Live album by The Stooges
- Released: September 30, 2009
- Recorded: May–April 1971
- Genre: Hard rock Protopunk Punk rock
- Label: Easy Action

= You Don't Want My Name... You Want My Action =

You Don't Want My Name... You Want My Action is a live compilation album by rock band The Stooges. Released as a 4-CD box-set by British reissue label Easy Action, it documents the time period in between Fun House and Raw Power, when the group was a five-piece outfit including a young James Williamson.

Professional ratings
Review scores
| Source | Rating |
| AllMusic |  |

==History==
After being dropped by Elektra Records, the band was self-managed and still touring.
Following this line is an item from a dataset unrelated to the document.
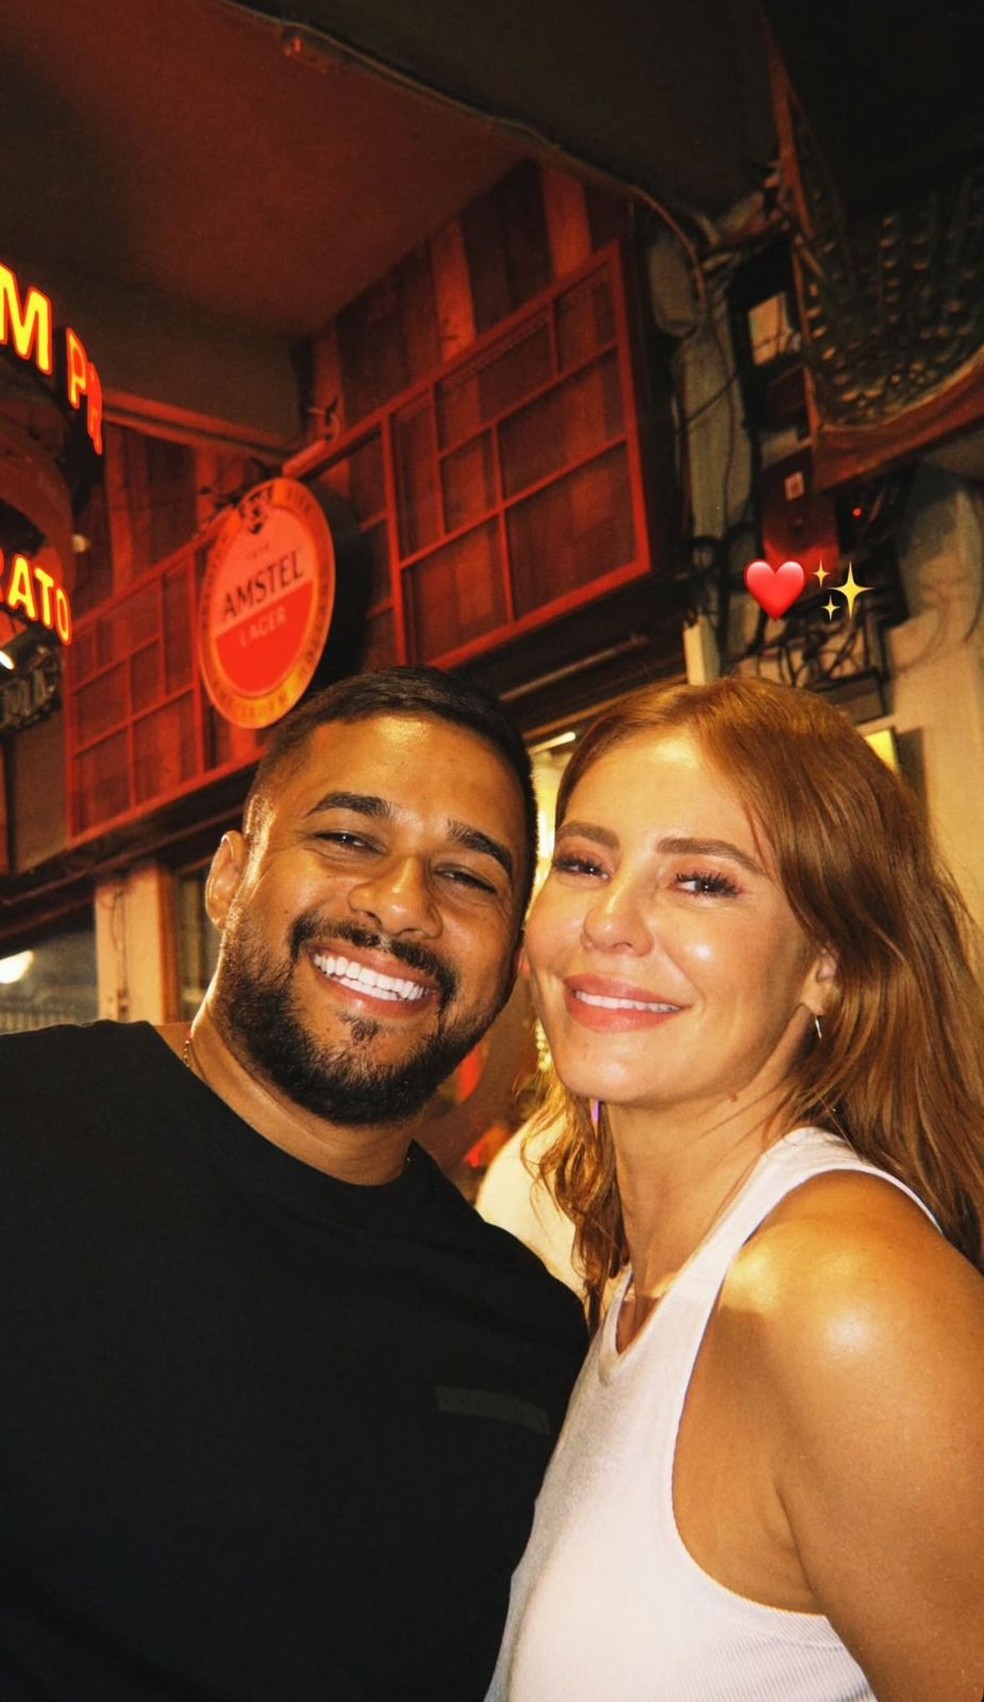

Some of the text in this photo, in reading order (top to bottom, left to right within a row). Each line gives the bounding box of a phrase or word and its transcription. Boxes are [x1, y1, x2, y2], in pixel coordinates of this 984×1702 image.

[0, 549, 73, 647] ATO
[224, 549, 304, 617] AMSTEL
[239, 605, 287, 648] LAGER
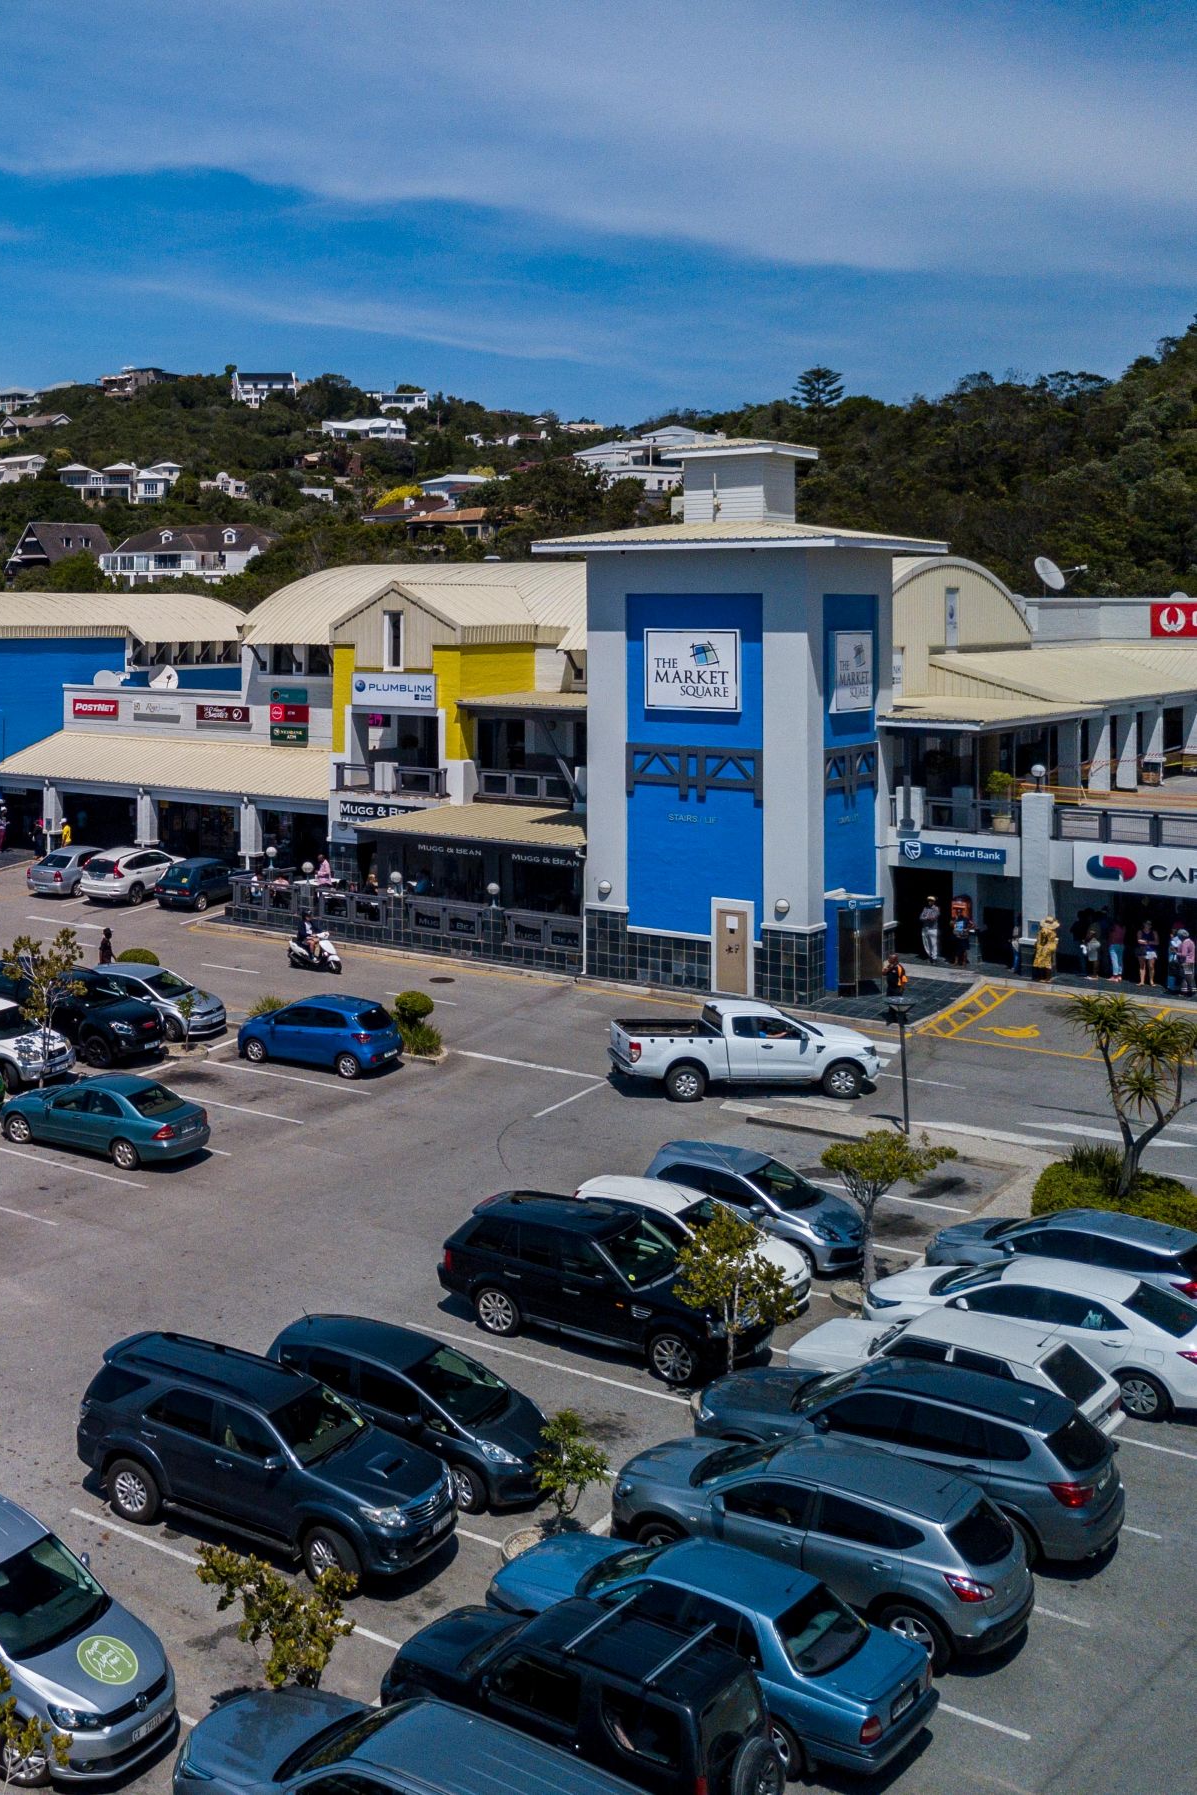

Much of the year 1971 for the band is undocumented, considering the luxury of booking a studio was lost. There were four known audience recordings including performances at the Electric Circus in New York City, The Factory in St. Louis, and the Vanity Ballroom in Detroit. All recording contains the same 6-song set that they ran through every time they went on stage. Most members of the band were addicted to heroin, and most of the money that they earned they paid for drugs with it. By the end of the year, the Stooges broke up into obscurity until their revival in 1972 when the remaining Stooges recorded Raw Power.

==Songlist==
Disc One: May 14, 1971, Electric Circus, New York City
1. I Got a Right [False Start]
2. You Don't Want My Name
3. The Shadow of Your Smile [Iggy Solo]
4. Fresh Rag (Or New York Pussy Smells Like Dog Shit)
5. Dead Body (Or Over My Dead Body)/Who Do You Love
6. BigTime Bum
7. Do You Want Me Love?/Feedback/Goodnight
8. The Children of the Night

Disc Two: May 15, 1971, Electric Circus, New York City
1. I Got a Right
2. You Don't Want My Name
3. Fresh Rag (Or New York Pussy Tastes Like a Dog)
4. Dead Body/Who Do You Love?
5. BigTime Bum (Over My Dead Cock)
6. Do You Want Me Love?

Disc Three: May 27, 1971, The Factory, St. Louis
1. I Got a Right
2. You Don't Want My Name (Or St. Louis Adolescent Nightmare)
3. Fresh Rag (Or Sweet Revenge for Treating Me Like a Piece of Shit)
4. Dead Body/Who Do You Love?
5. BigTime Bum
6. Do You Want My Love [Band Leave Stage Early Due to Ron's Injury]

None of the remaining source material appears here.